= Beginning of Section =

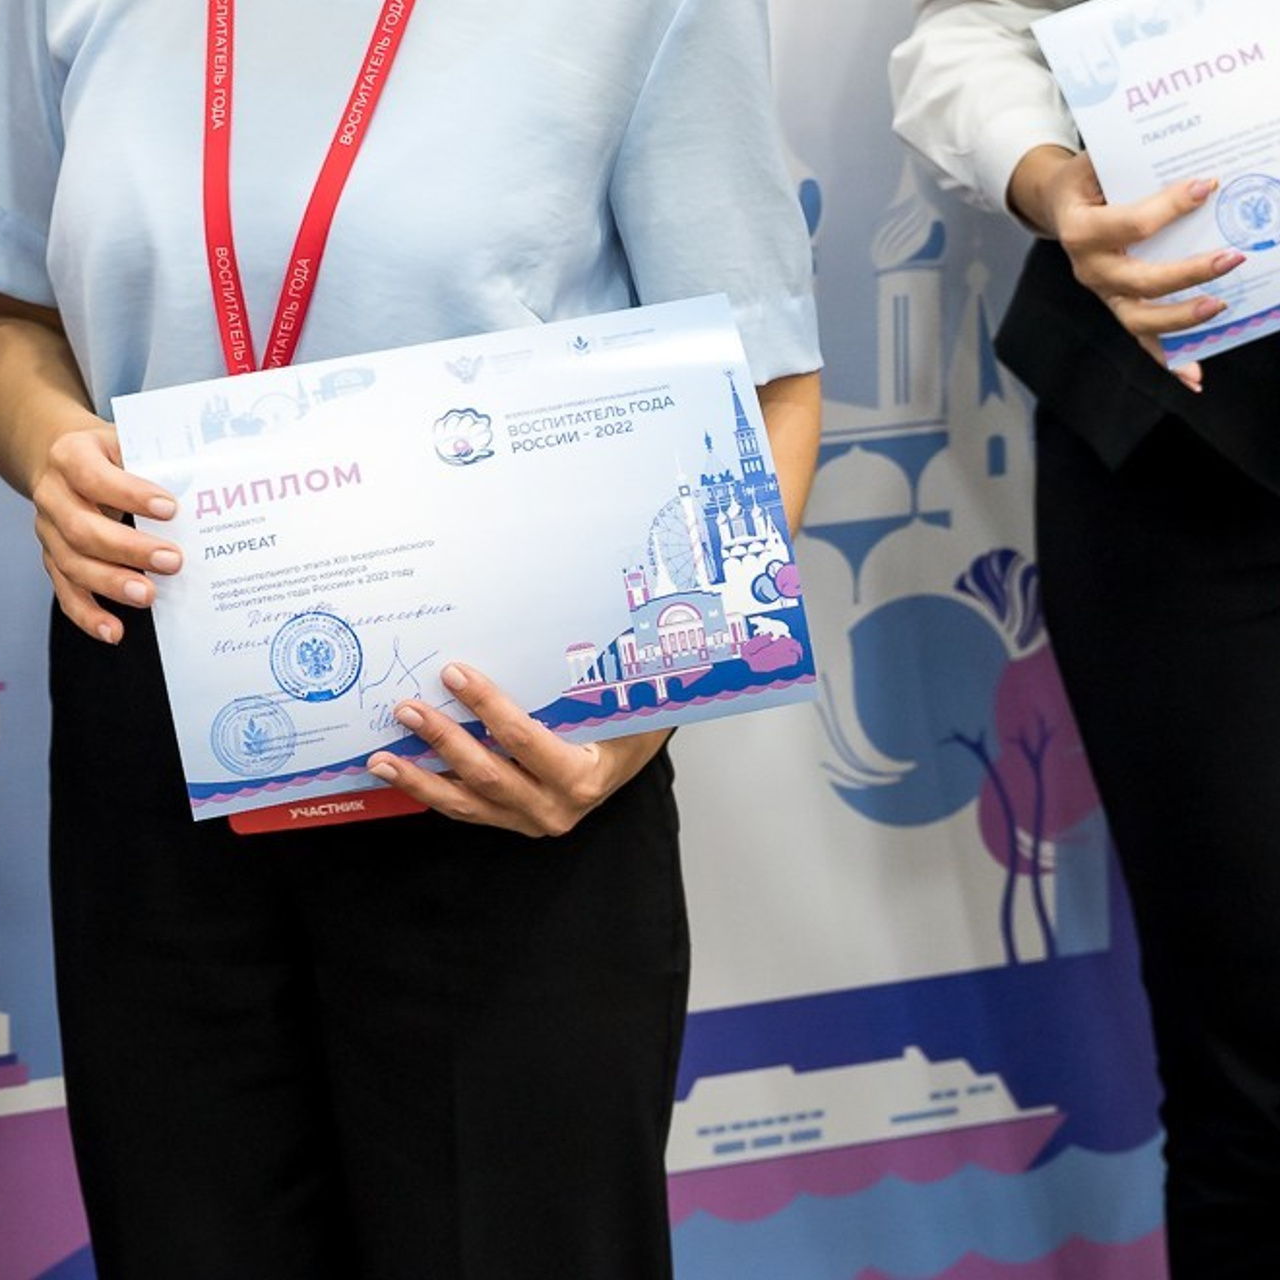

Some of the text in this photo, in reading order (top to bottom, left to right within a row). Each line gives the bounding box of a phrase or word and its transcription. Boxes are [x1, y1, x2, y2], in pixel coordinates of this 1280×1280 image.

[339, 36, 391, 146] ВОСПИТАТЕЛЬ
[1125, 42, 1265, 113] ДИПЛОМ
[212, 88, 227, 130] ГОДА
[288, 258, 311, 298] ГОДА
[215, 246, 248, 361] ВОСПИТАТЕЛЬ
[507, 405, 627, 438] ВОСПИТАТЕЛЬ
[629, 395, 676, 415] ГОДА
[511, 430, 580, 454] РОССИИ
[594, 419, 634, 439] 2022
[195, 462, 363, 520] ДИПЛОМ
[203, 533, 279, 561] ЛАУРЕАТ
[365, 572, 391, 585] 2022
[391, 568, 416, 582] году
[289, 798, 367, 821] УЧАСТНИК
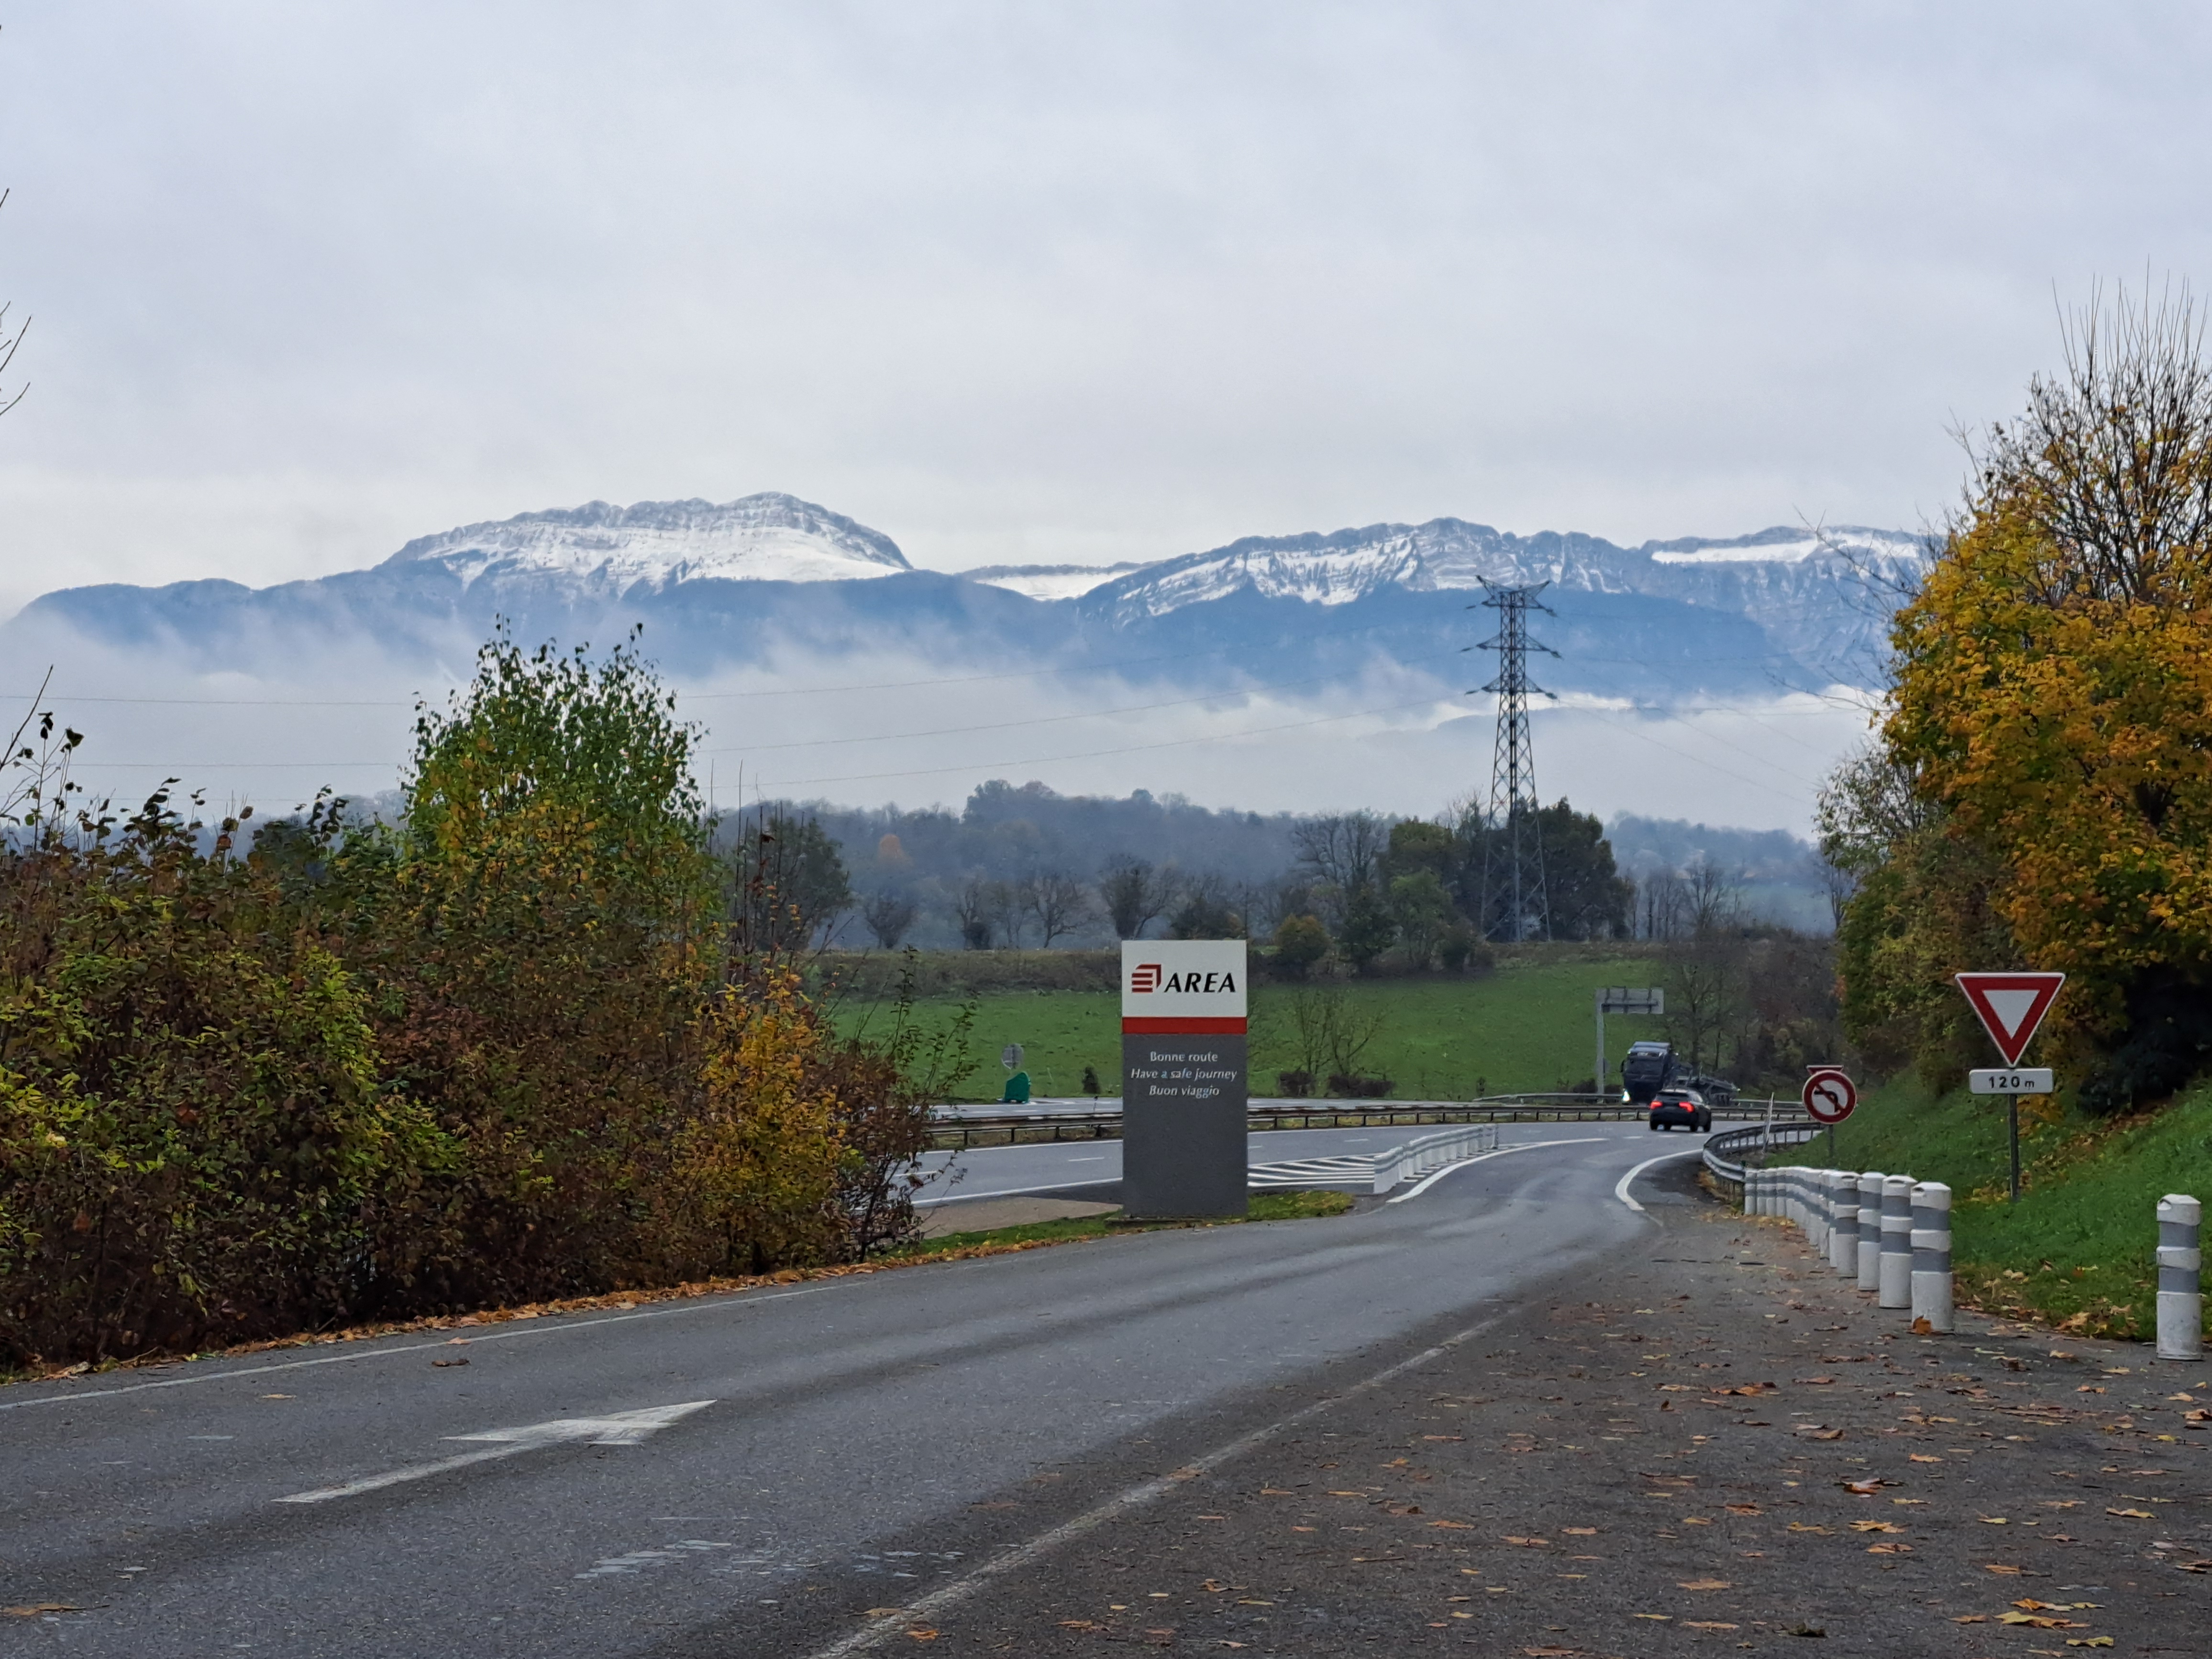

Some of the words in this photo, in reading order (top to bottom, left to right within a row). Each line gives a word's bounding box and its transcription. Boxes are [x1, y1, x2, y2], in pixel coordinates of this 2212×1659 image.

[1163, 972, 1236, 993] AREA
[1150, 1051, 1185, 1062] Bonne
[1188, 1051, 1218, 1062] route
[1131, 1068, 1158, 1079] Have
[1161, 1070, 1168, 1078] a
[1171, 1068, 1192, 1079] safe
[1194, 1068, 1238, 1082] journey
[1989, 1076, 2020, 1088] 120
[2024, 1080, 2035, 1089] m
[1149, 1085, 1177, 1096] Buon
[1182, 1085, 1220, 1099] viaggio

= End of Section =

• _EXERCISE GOAL_: Wherever an image sits in the data, omit it; everything else must be copied exactly.

• _WRITTEN SOLUTION_:
Some of the text in this photo, in reading order (top to bottom, left to right within a row). Each line gives the bounding box of a phrase or word and its transcription. Boxes are [x1, y1, x2, y2], in pixel coordinates of this 1280×1280 image.

[339, 36, 391, 146] ВОСПИТАТЕЛЬ
[1125, 42, 1265, 113] ДИПЛОМ
[212, 88, 227, 130] ГОДА
[288, 258, 311, 298] ГОДА
[215, 246, 248, 361] ВОСПИТАТЕЛЬ
[507, 405, 627, 438] ВОСПИТАТЕЛЬ
[629, 395, 676, 415] ГОДА
[511, 430, 580, 454] РОССИИ
[594, 419, 634, 439] 2022
[195, 462, 363, 520] ДИПЛОМ
[203, 533, 279, 561] ЛАУРЕАТ
[365, 572, 391, 585] 2022
[391, 568, 416, 582] году
[289, 798, 367, 821] УЧАСТНИК

Some of the words in this photo, in reading order (top to bottom, left to right within a row). Each line gives a word's bounding box and its transcription. Boxes are [x1, y1, x2, y2], in pixel coordinates of this 2212×1659 image.

[1163, 972, 1236, 993] AREA
[1150, 1051, 1185, 1062] Bonne
[1188, 1051, 1218, 1062] route
[1131, 1068, 1158, 1079] Have
[1161, 1070, 1168, 1078] a
[1171, 1068, 1192, 1079] safe
[1194, 1068, 1238, 1082] journey
[1989, 1076, 2020, 1088] 120
[2024, 1080, 2035, 1089] m
[1149, 1085, 1177, 1096] Buon
[1182, 1085, 1220, 1099] viaggio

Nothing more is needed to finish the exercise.